Lesson learnt, right?
Not for Bronnie. Not long after her wildly successful blog, and consequent best-selling book, had brought her international success, life sent her another challenge. Ware began to suffer from the extreme pain and debilitation of rheumatoid arthritis, to the point where she was unable to put her bare feet on the ground for two years. But rather than accept the fate of a lifetime of pain and restrictions, Ware dug even deeper and found the blessings in her illness.
“Don’t get me wrong. There have been moments when I’ve thought, ‘Oh, come on. Enough already.’ But at the same time, I feel so rewarded and so blessed because of what has happened to me.”
Two blessings
Rewind three years and Bronnie Ware was right in the middle of the two greatest achievements of her life: creating an international bestselling, self-published book, and about to give birth to her first and only child at 45. While it would seem a blessing to have both successes in your life, the reality was that Ware felt overwhelmed with the global media attention her work was receiving, and was anxious about juggling it all with new motherhood.
“At about 11 o’clock the night before my daughter was born, I finally closed my computer and turned my phone off and said a really clear prayer. Well, actually, it was probably more of a demand than a prayer — I was so desperate for something to happen! I just said, ‘Enough. I can’t do this on my own any more. I need help now.’
“I felt quite sad as I’d worked so hard to get where I was and connect with such a large audience on my own, but I was also about to become a first-time mum at the age of 45, and I wanted to be a very present mum.
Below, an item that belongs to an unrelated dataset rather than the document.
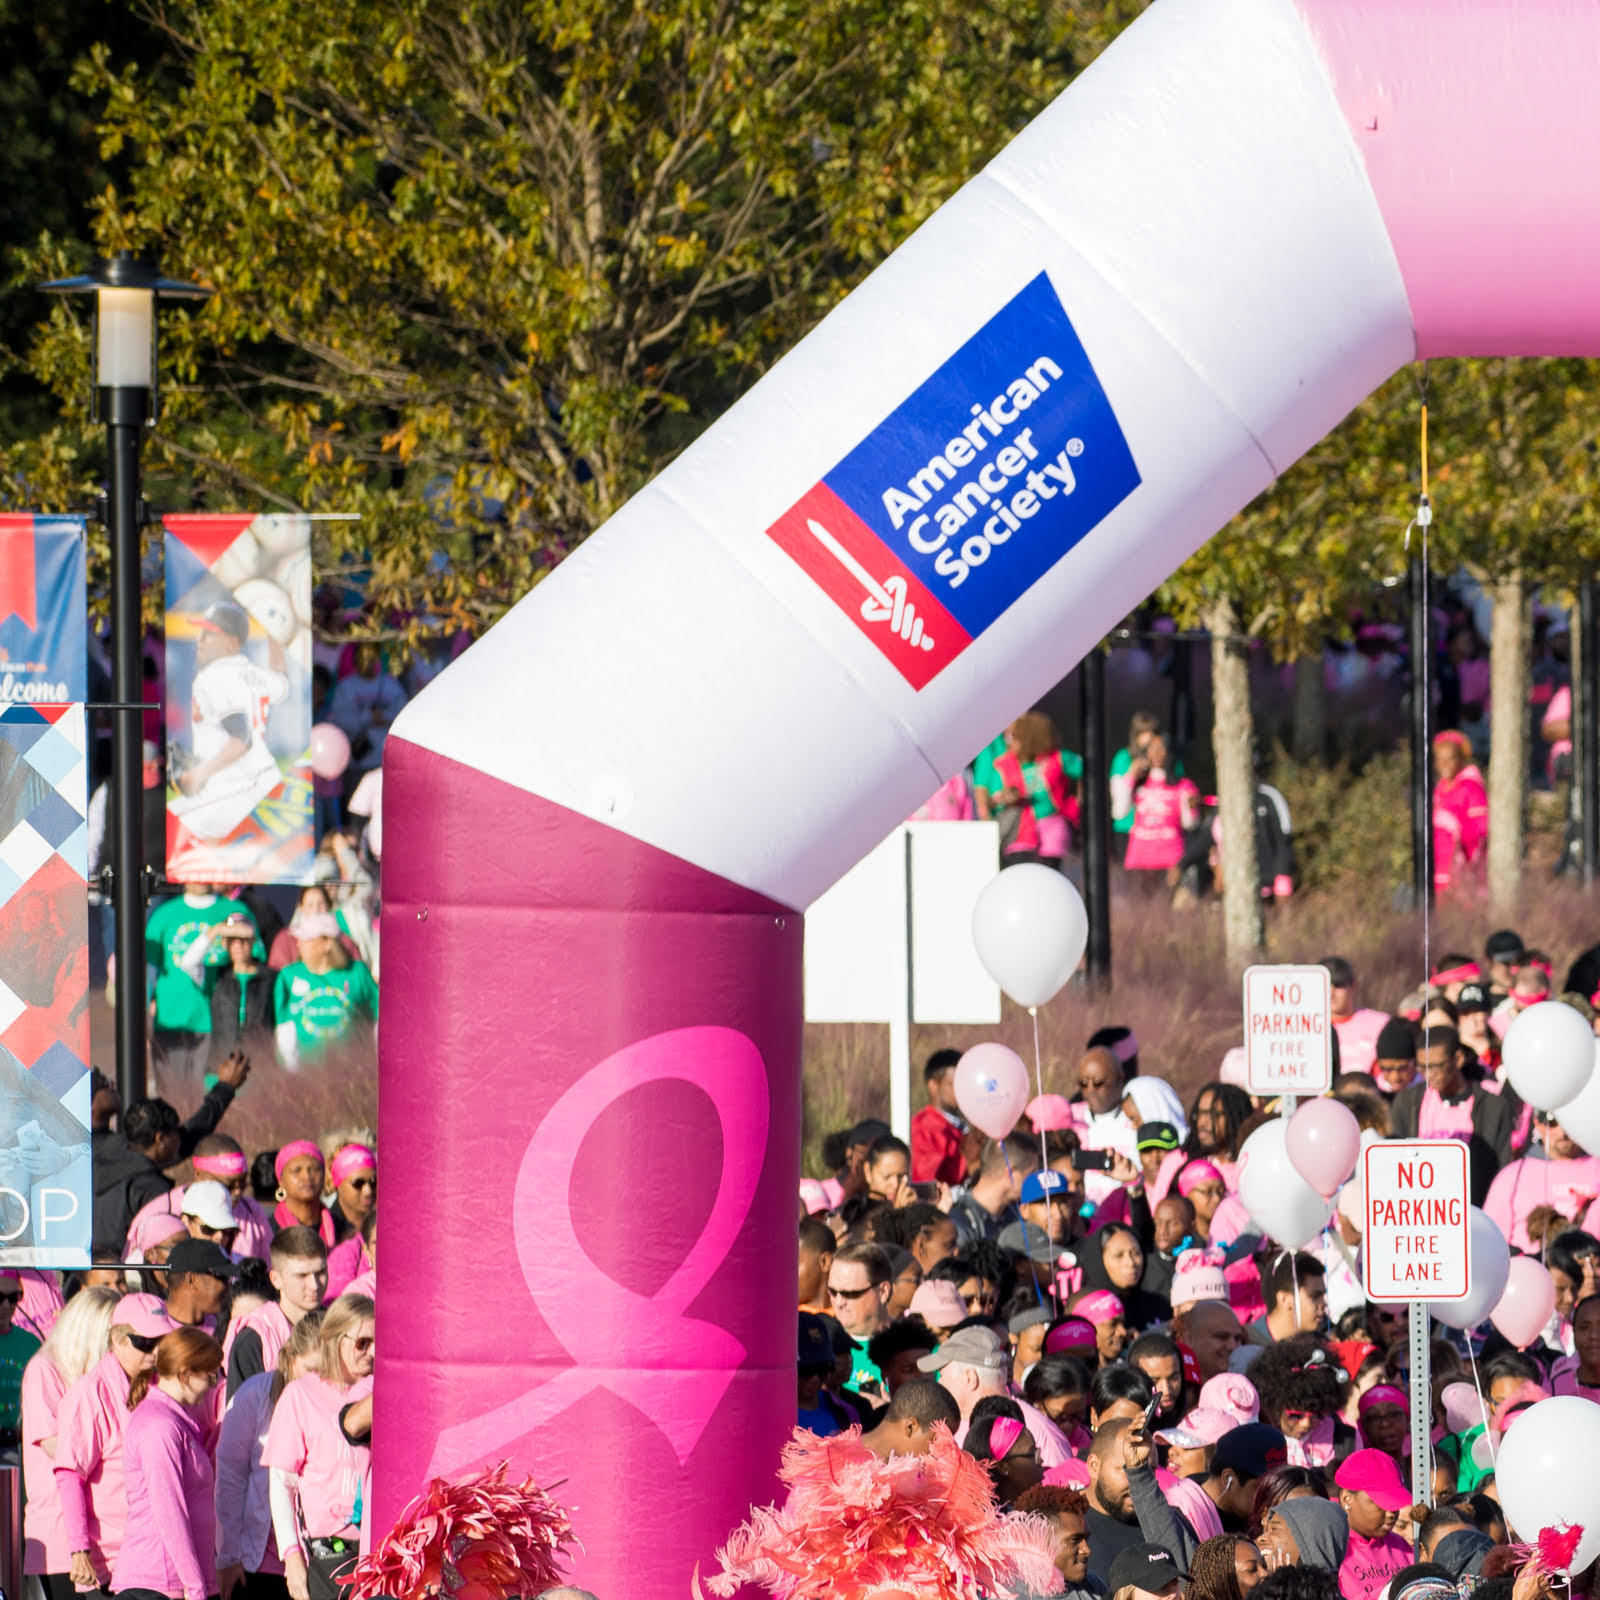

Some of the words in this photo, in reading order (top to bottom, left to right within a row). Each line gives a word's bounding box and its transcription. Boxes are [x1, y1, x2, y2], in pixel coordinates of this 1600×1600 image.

But, in truth, I felt like I couldn’t be fully present with the two miraculous things that were unfolding in my life at that time.”
She gave birth to her daughter just before midday the very next day and, when she finally decided to turn her phone back on, there were again messages from media all over the world.
“But, as I turned my phone on, another call came through and, even though I don’t usually answer an unknown number, for whatever reason I decided to answer this one. And it was Leon [Nacson] from Hay House Australia, offering me an international publishing deal with Hay House.”
Prayer answered.
“I burst into tears, and then the baby started crying, and when Leon asked me how old she was, I cried, “I just had her this morning!”
Doing the work
This is the typical “overnight success” that took 14 years. Ware had not only self-published her wildly successful first book before Hay House made that fateful phone call, but she had also spent years reflecting on her own lessons from working so closely with the dying in palliative care.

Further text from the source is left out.